LE PONT DE KOUNDJOUROU PEINE A REMPLIR SON ROLE : LE MINISTRE DES INFRASTRUCTURES, PROMET LA CONSTRUCTION D’UNE VOIE DACCES

Le pont qui enjambe le cours d'eau Batha sur le point de passage à Koundjourou, financé par l'Etat tchadien et l'Agence Française de Développement (AFD), est loin de jouer pleinement le rôle pour lequel il a été destiné : le maintien et la sécurisation de la transhumance, et la facilitation des mouvements des personnes vivant entre les deux rives. Cette constatation a été faite par le Ministre des Infrastructures et du Désenclavement, Dr Idriss Saleh Bachar, lors de sa descente sur le site la semaine dernière, accompagné du Gouverneur de la province du Batha, le Général de Brigade Djimta Ben Degon, ainsi que de deux autres membres du Gouvernement : Aziz Mahamat Saleh de la Communication et Abakar Ramadan, Secrétaire d'État à la Production Agricole.

 


Due à l'inaccessibilité du pont depuis la rive gauche, causée par l'impraticabilité de la voie de raccordement, endommagée par les eaux de ce cours d'eau qui coule d'Est en Ouest. Si en saison sèche la traversée peut s'avérer un peu difficile, en hivernage, cette route se révèle être une barrière infranchissable, et les transhumants sont contraints parfois de faire de grands détours en passant par le pont d'Oum Hadjer, rallongeant ainsi considérablement leur voyage, ou bien, au risque de leur vie, de traverser pour atteindre leurs lieux de destination.

 

La situation actuelle cause de graves préjudices aux populations locales et aux transhumants. depuis quelques années en période des crues, des personnes et des centaines de bétails bovins, camelins et caprins sont emportés par les eaux. Les activités économiques sont également sévèrement entravées, car de nombreux marchés ruraux hebdomadaires très florissants se situent de part et d'autre du cours d'eau. Par conséquent, il est clair que l'aménagement d'une voie d'accès s'avère nécessaire pour faciliter le déplacement des hommes et des animaux dans un sens comme dans l'autre.

 

Pour mieux appréhender la situation, le chef de département et la délégation qui l’accompagne, ont inspecté les zones critiques et notamment les nouvels  defluents qui se sont crées à partir du lit principal et les ouvrages hydrauliques existants dont certains montrent des signes de fatigue. lors de sa rencontre avec la population de Koundjourou en présence des autorités administratives de la province, le Ministre, DrIdriss Saleh Bachar, a encouragé la patience, car le Gouvernement de Transition, dirigé par le Général MAHAMAT IDRISS DEBY ITNO, a pris des mesures correctivs pour résoudre ce dysfonctionnement. Les travaux de construction de nouveaux ouvrages d'équilibre et d'une route en remblai d'une hauteur de 1,5 m sur une distance de quatre (4) kilomètres, sur la rive gauche, débuteront d'ici la fin du mois d'avril. Selon le Ministre, cela permettra de mettre un terme à la traversée périlleuse et aux pertes en vies humaines et dommages matériels, et d'améliorer l'économie locale en facilitant l'accès aux biens et services.

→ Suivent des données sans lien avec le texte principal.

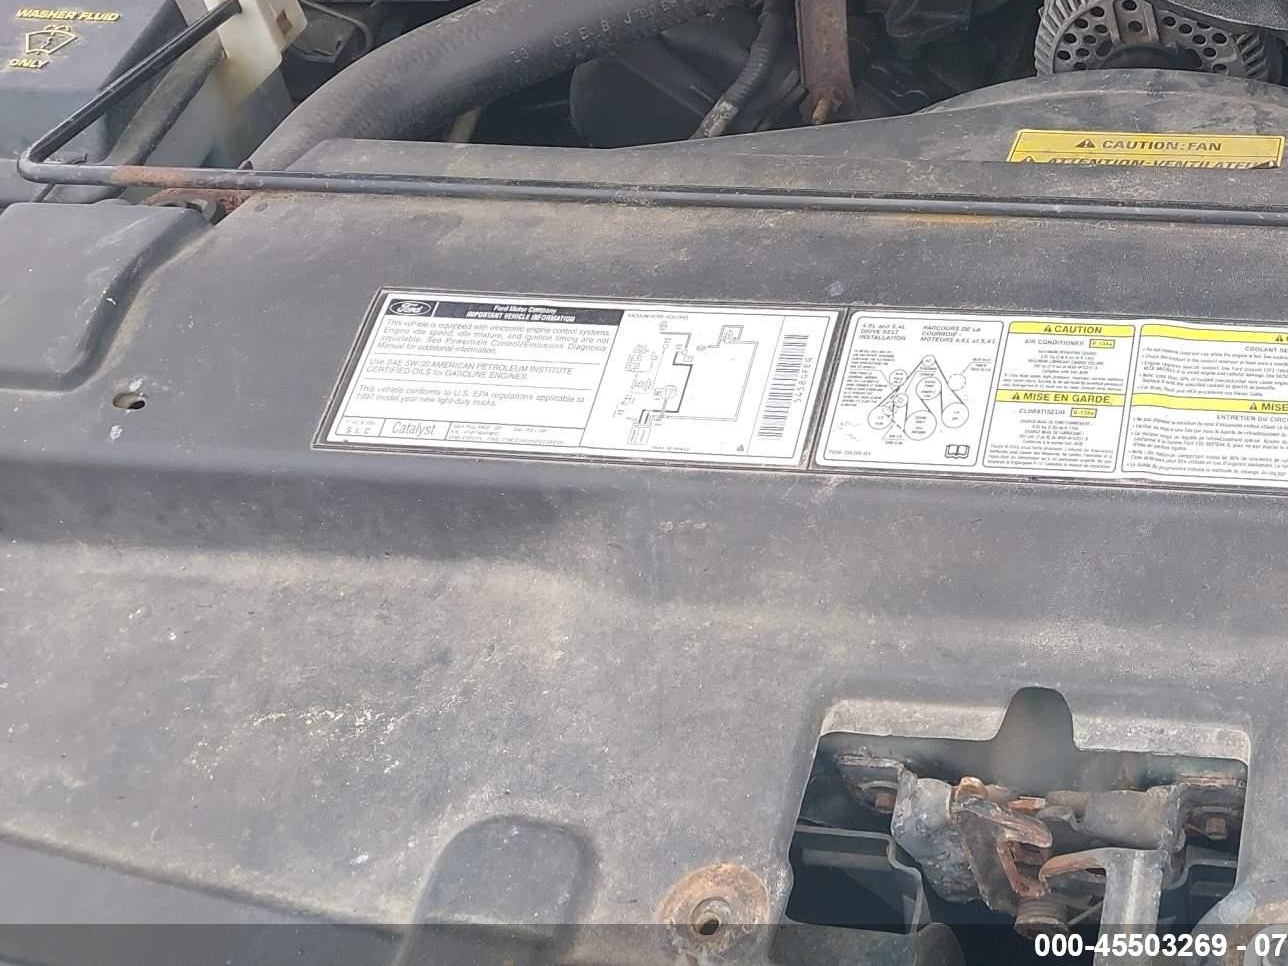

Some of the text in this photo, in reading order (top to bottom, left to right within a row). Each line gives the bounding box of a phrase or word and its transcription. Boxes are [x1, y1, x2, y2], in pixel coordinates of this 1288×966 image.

[16, 9, 120, 22] WASHER FLUID
[9, 57, 50, 69] ONLY
[1188, 142, 1222, 151] FAN
[397, 302, 424, 313] Ford
[509, 305, 528, 313] Motor
[528, 307, 558, 316] Company
[466, 310, 576, 324] IMPORTANT VEHICLE INFORMATION
[438, 323, 472, 332] equipped
[490, 325, 526, 333] electronic
[526, 327, 551, 336] engine
[1054, 325, 1102, 334] CAUTION
[366, 365, 410, 374] CERTIFIED
[444, 370, 487, 378] GASOLINE
[430, 361, 475, 370] AMERICAN
[475, 362, 529, 372] PETROLEUM
[529, 365, 575, 375] INSTITUTE
[1023, 393, 1111, 404] MISE EN GARDE
[1261, 403, 1288, 412] MISE
[392, 421, 436, 437] Catalyst
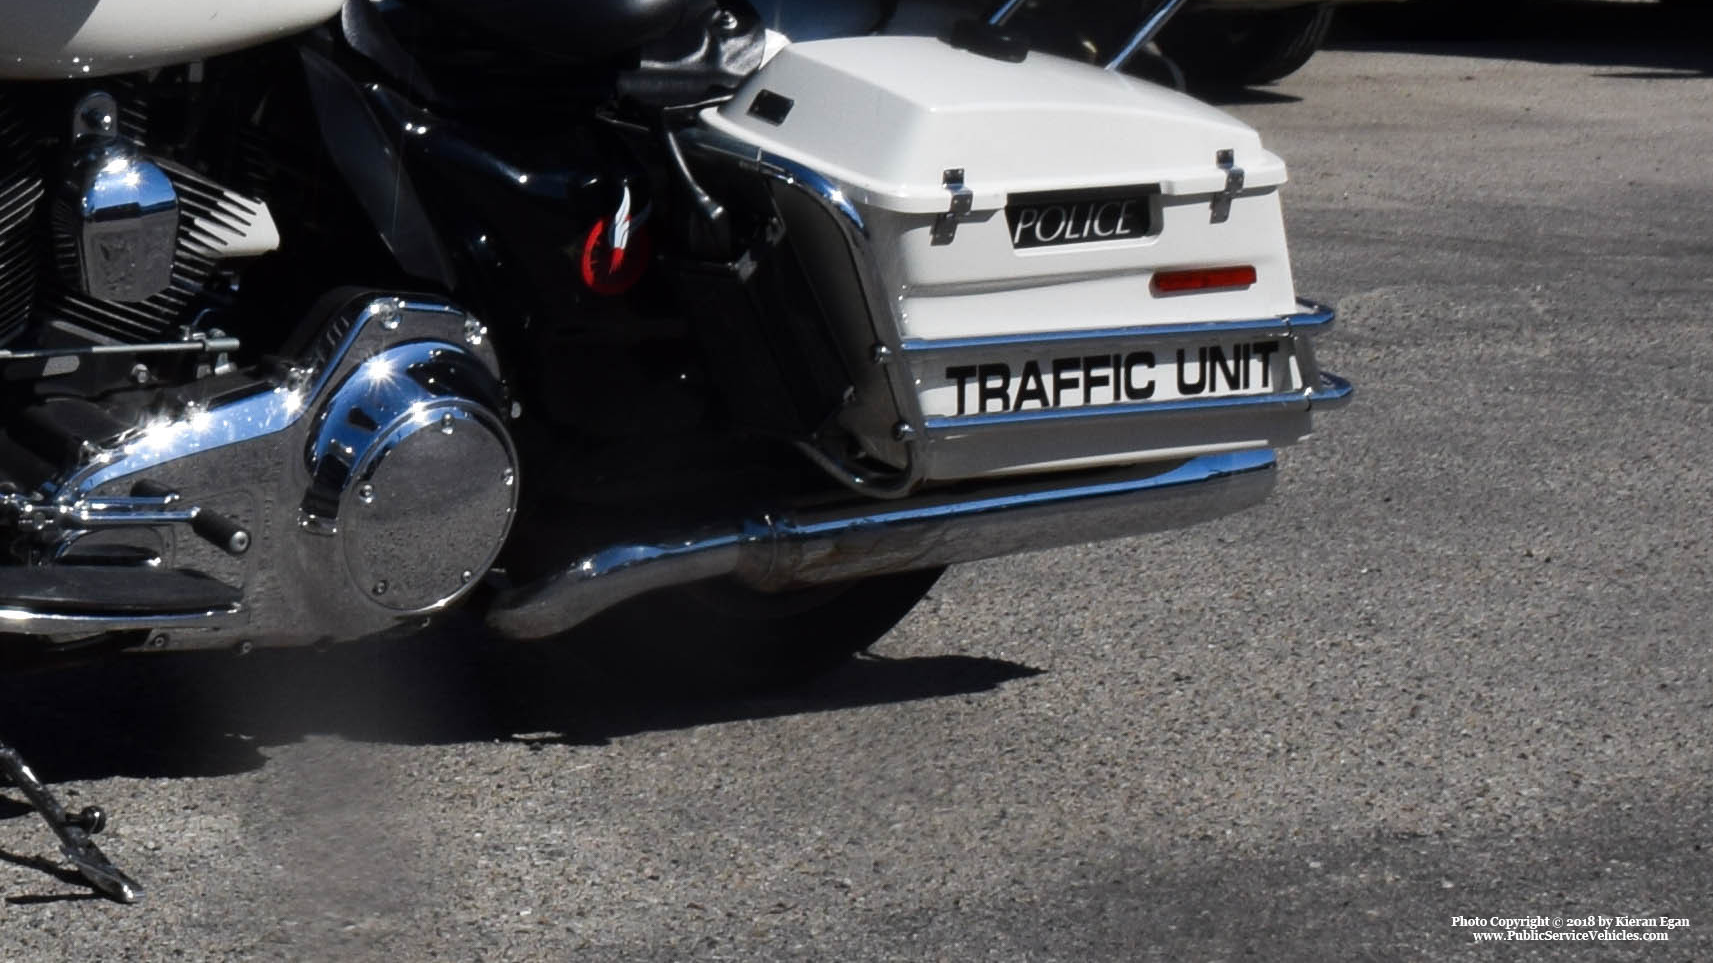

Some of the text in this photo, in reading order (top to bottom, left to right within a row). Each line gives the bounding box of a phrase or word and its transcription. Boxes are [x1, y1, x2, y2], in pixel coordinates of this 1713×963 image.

[1014, 200, 1136, 244] POLICE
[945, 341, 1280, 415] TRAFFIC UNIT

Rappelons que c’est le Groupement SNER/AFCORP qui a réalisé en 2015, l'ouvrage à vocation pastorale dans le cadre du projet Almy al Afia (de l'eau pour la paix) dont l'objectif est de sécuriser la mobilité des éleveurs transhumants. Ce projet a été contrôlé par le bureau Louis Berger et a coûté 8,6 milliards de F CFA, dont 1,2 milliard de F CFA est supporté par l'Agence Française de Développement AFD et le reste par l'Etat tchadien.